Following decades of neglect and disruption arising from major military conflicts, the water distribution systems in the Qadisiya, Muthana and Wassit governorates of Southern Iraq urgently needed rehabilitating.
The leakage of 60 percent of the water supply caused shortages of potable water, while contamination by saline water and sewage diminished water quality. Addressing these chronic shortcomings was a key concern of residents – both to ensure adequate, potable water supply and to reduce water-borne diseases.
To achieve those goals the three governorates prioritized the Six Water Networks project aimed at repairing, replacing and extending the water network, installing adequate control facilities and new pipes. They hired UNOPS to implement it, with responsibility for designing and managing the work.

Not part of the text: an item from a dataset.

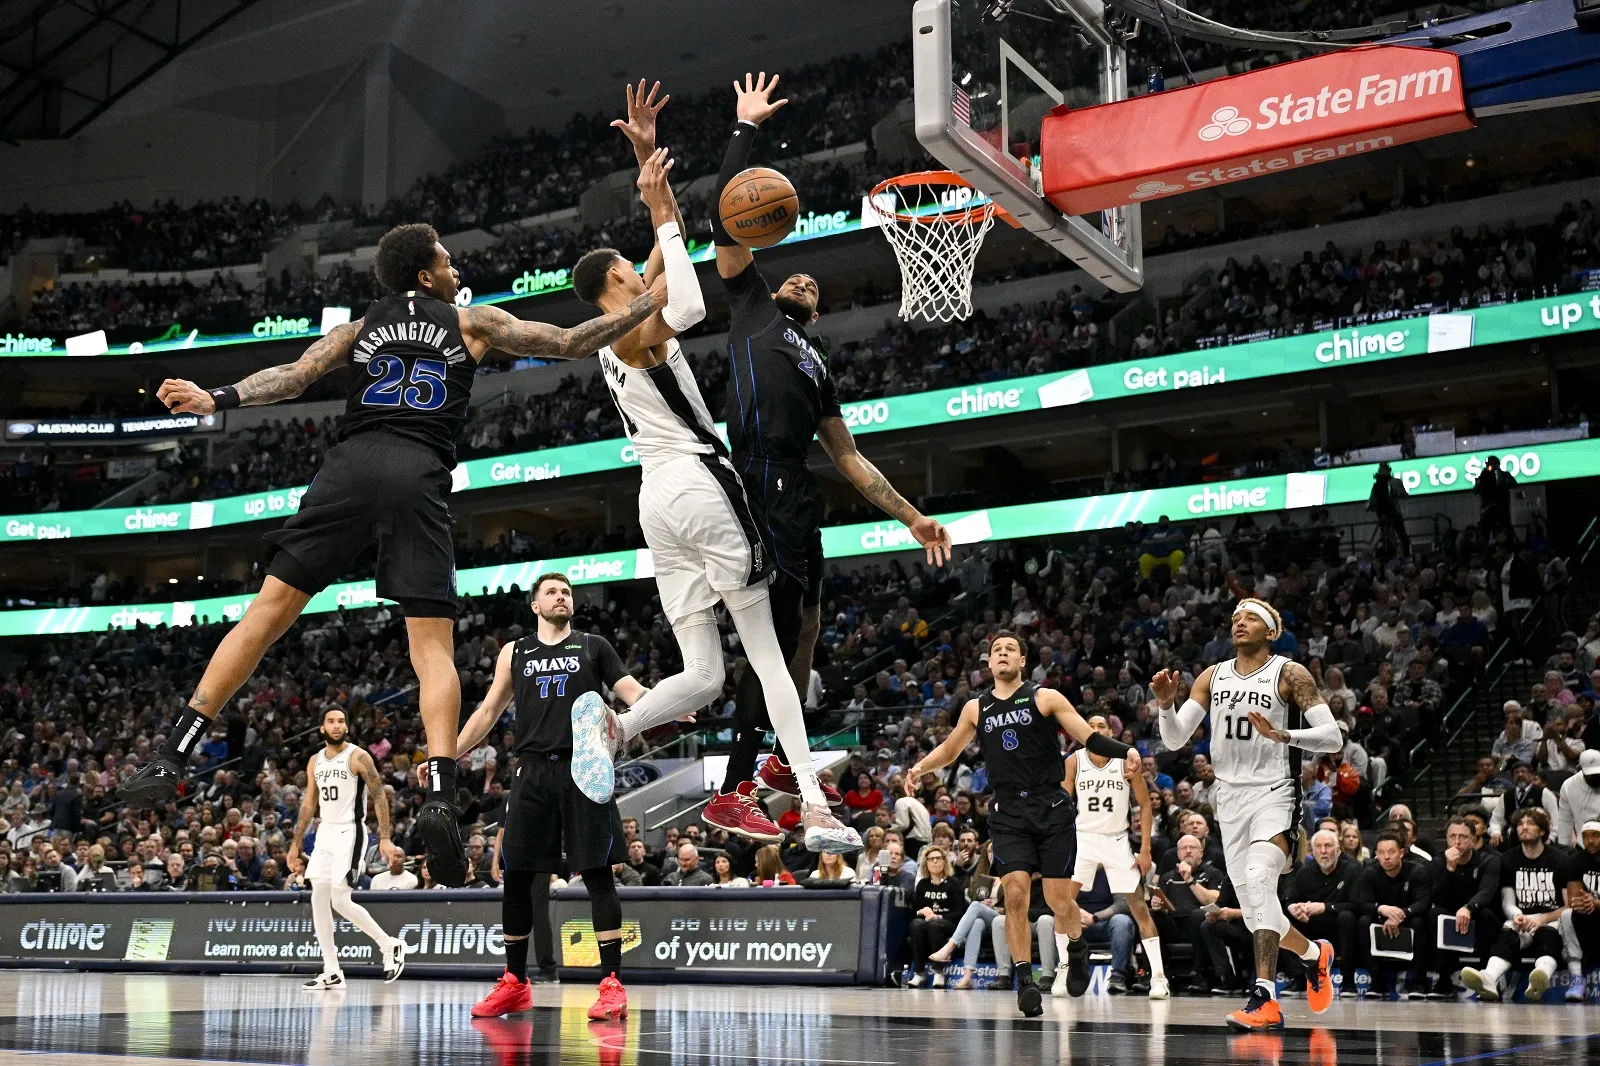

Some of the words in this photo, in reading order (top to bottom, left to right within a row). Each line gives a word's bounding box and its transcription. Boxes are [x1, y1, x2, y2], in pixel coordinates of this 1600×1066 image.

Besides delivering the necessary improvements to the water networks, UNOPS used labour-intensive approaches to afford work for the maximum number of project personnel, boosting incomes and the local economy. And to ensure the sustainability of outputs the project emphasized capacity-building. Local staff benefited from on-the-job training in the use of new materials and technologies to maintain, operate and continuously improve the systems.

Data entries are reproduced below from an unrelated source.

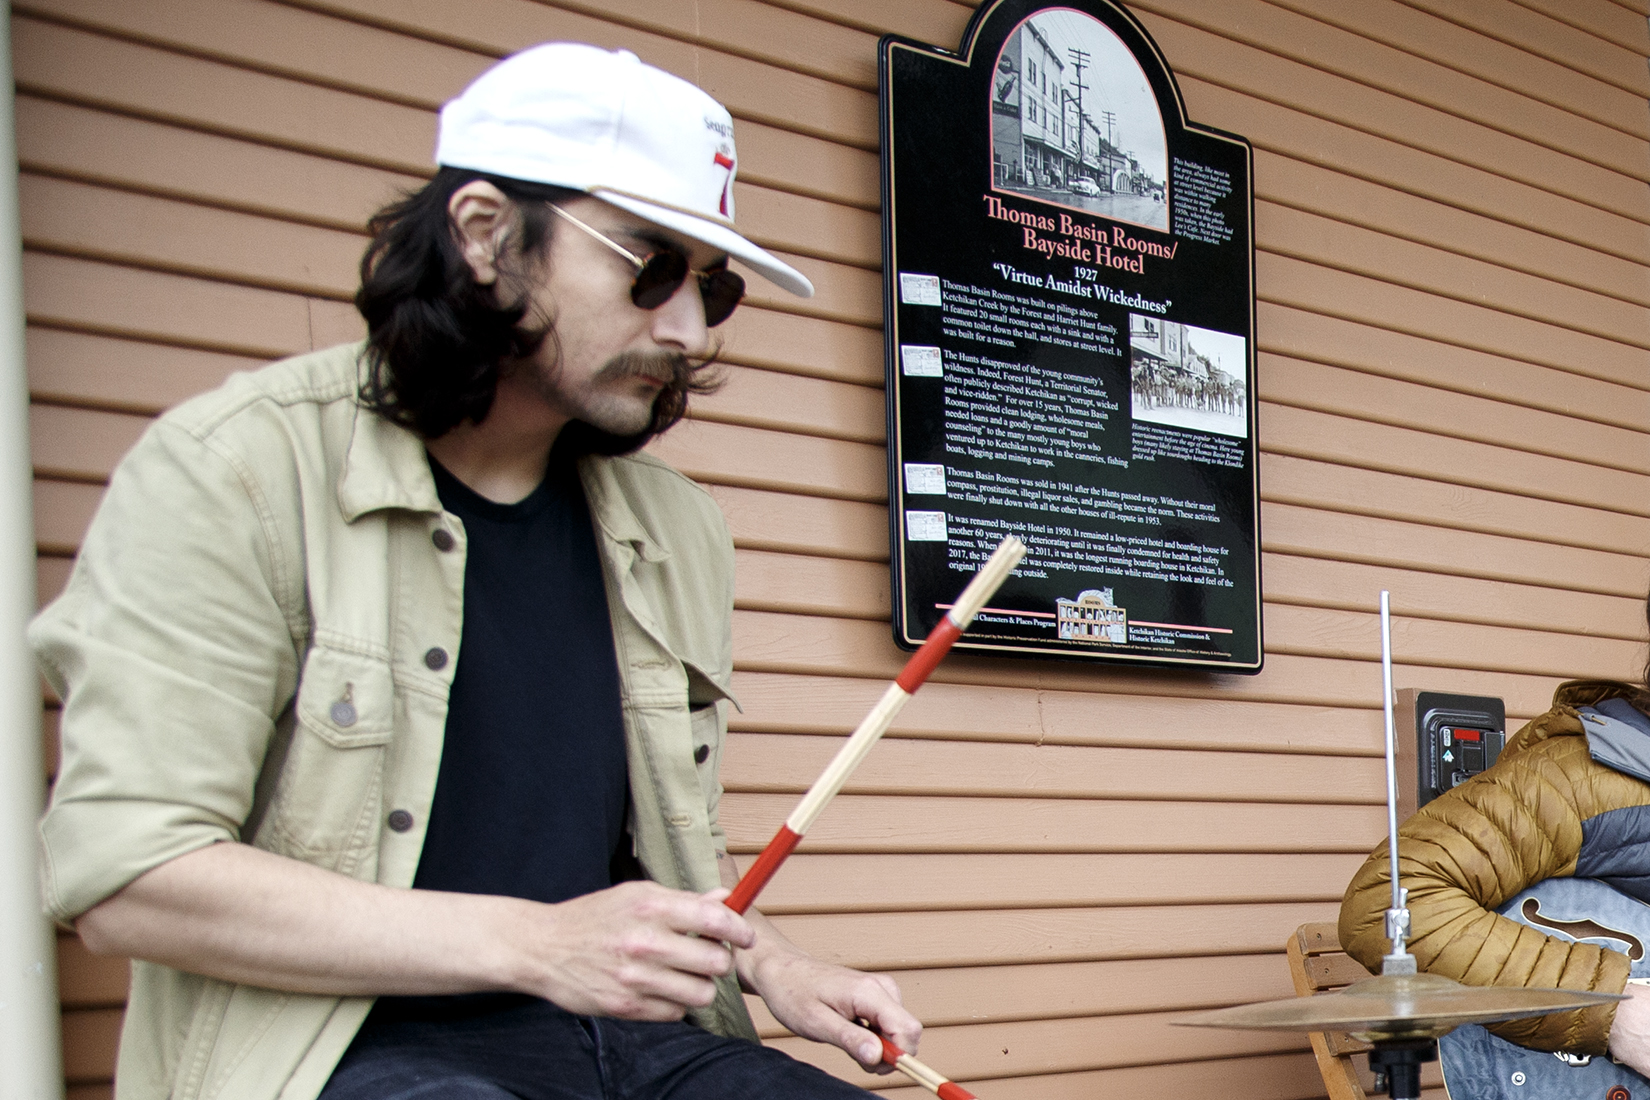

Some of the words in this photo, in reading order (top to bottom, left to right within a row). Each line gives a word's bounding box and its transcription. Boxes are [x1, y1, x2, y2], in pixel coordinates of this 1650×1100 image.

[714, 152, 735, 218] 7
[983, 194, 1055, 233] Thomas
[1060, 212, 1108, 245] Basin
[1112, 225, 1178, 260] Rooms/
[1023, 227, 1091, 263] Bayside
[1095, 244, 1145, 275] Hotel
[993, 263, 1043, 289] "Virtue
[1045, 275, 1092, 299] Amidst
[1093, 284, 1172, 314] Wickedness"
[1074, 265, 1098, 282] 1927
[942, 290, 976, 305] Ketchikan
[978, 298, 998, 309] Creek
[1010, 304, 1020, 314] the
[1022, 306, 1041, 318] Forest
[1043, 312, 1055, 320] and
[1056, 313, 1078, 325] Harriet
[1080, 318, 1095, 328] Hunt
[1097, 321, 1117, 335] family.
[943, 279, 969, 292] Thomas
[971, 285, 990, 296] Basin
[992, 289, 1015, 302] Rooms
[1030, 297, 1045, 308] built
[1056, 303, 1078, 316] pilings
[1079, 308, 1097, 318] above
[943, 317, 972, 327] common
[974, 321, 991, 331] toilet
[992, 324, 1011, 335] down
[1013, 328, 1023, 337] the
[1024, 330, 1038, 341] hall,
[1040, 334, 1051, 342] and
[1053, 337, 1071, 346] stores
[1080, 342, 1097, 351] street
[1098, 344, 1115, 354] level.
[950, 304, 977, 317] featured
[989, 314, 1007, 323] small
[1008, 318, 1029, 327] rooms
[1030, 322, 1045, 330] each
[1047, 324, 1061, 333] with
[1068, 328, 1080, 337] sink
[1082, 331, 1093, 340] and
[1095, 334, 1108, 342] with
[958, 329, 973, 339] built
[975, 332, 985, 341] for
[992, 338, 1015, 347] reason.
[943, 362, 975, 374] wildness.
[977, 367, 1001, 380] Indeed,
[1003, 372, 1023, 383] Forest
[1025, 375, 1043, 387] Hunt,
[1050, 380, 1081, 393] Territorial
[1083, 385, 1107, 398] Senator,
[944, 349, 957, 359] The
[959, 352, 978, 363] Hunts
[980, 356, 1020, 371] disapproved
[1030, 365, 1040, 374] the
[1042, 370, 1061, 380] young
[1063, 373, 1103, 386] community's
[943, 373, 961, 383] often
[963, 378, 990, 391] publicly
[992, 381, 1023, 394] described
[1025, 387, 1057, 400] Ketchikan
[1096, 400, 1118, 410] wicked
[947, 467, 973, 478] Thomas
[976, 471, 994, 481] Basin
[996, 474, 1019, 484] Rooms
[1035, 480, 1048, 488] sold
[1058, 482, 1072, 491] 1941
[1074, 485, 1089, 494] after
[1090, 487, 1100, 495] the
[1101, 488, 1119, 498] Hunts
[1121, 493, 1141, 501] passed
[1160, 497, 1183, 507] Without
[1184, 500, 1197, 509] their
[1033, 619, 1056, 628] Program

The tense security situation prevailing in Southern Iraq sometimes required resourceful solutions. In Qadisiya, for instance, cutting water supplies for the month normally needed to replace a main water trunk could have sparked an uprising. By hiring 180 labourers to work simultaneously on excavating a 530-metre trench under the supervision of three UNOPS engineers, the trunk was replaced in less than 48 hours.

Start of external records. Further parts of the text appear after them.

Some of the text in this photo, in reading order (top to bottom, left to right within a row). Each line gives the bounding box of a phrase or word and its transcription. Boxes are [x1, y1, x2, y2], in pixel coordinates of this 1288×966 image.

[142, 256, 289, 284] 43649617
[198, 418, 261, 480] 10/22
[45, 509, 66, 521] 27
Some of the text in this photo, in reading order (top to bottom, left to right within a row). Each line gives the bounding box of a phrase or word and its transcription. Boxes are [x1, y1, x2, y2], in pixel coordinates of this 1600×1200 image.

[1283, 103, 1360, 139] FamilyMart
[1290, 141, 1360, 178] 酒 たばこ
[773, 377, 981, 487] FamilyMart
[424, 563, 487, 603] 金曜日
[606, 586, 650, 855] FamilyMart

In total, UNOPS managed the construction of 55 km of new pipes, provided formal training to 22 water directorate engineers and created more than 2,600 days of labour for local workers. Most importantly, the project provided more than 200,000 local residents with access to clean drinking water. It thereby made an important contribution to achieving United Nations Millennium Development Goals, notably boosting sustainable access to safe drinking water and basic sanitation, reducing child mortality and combating disease.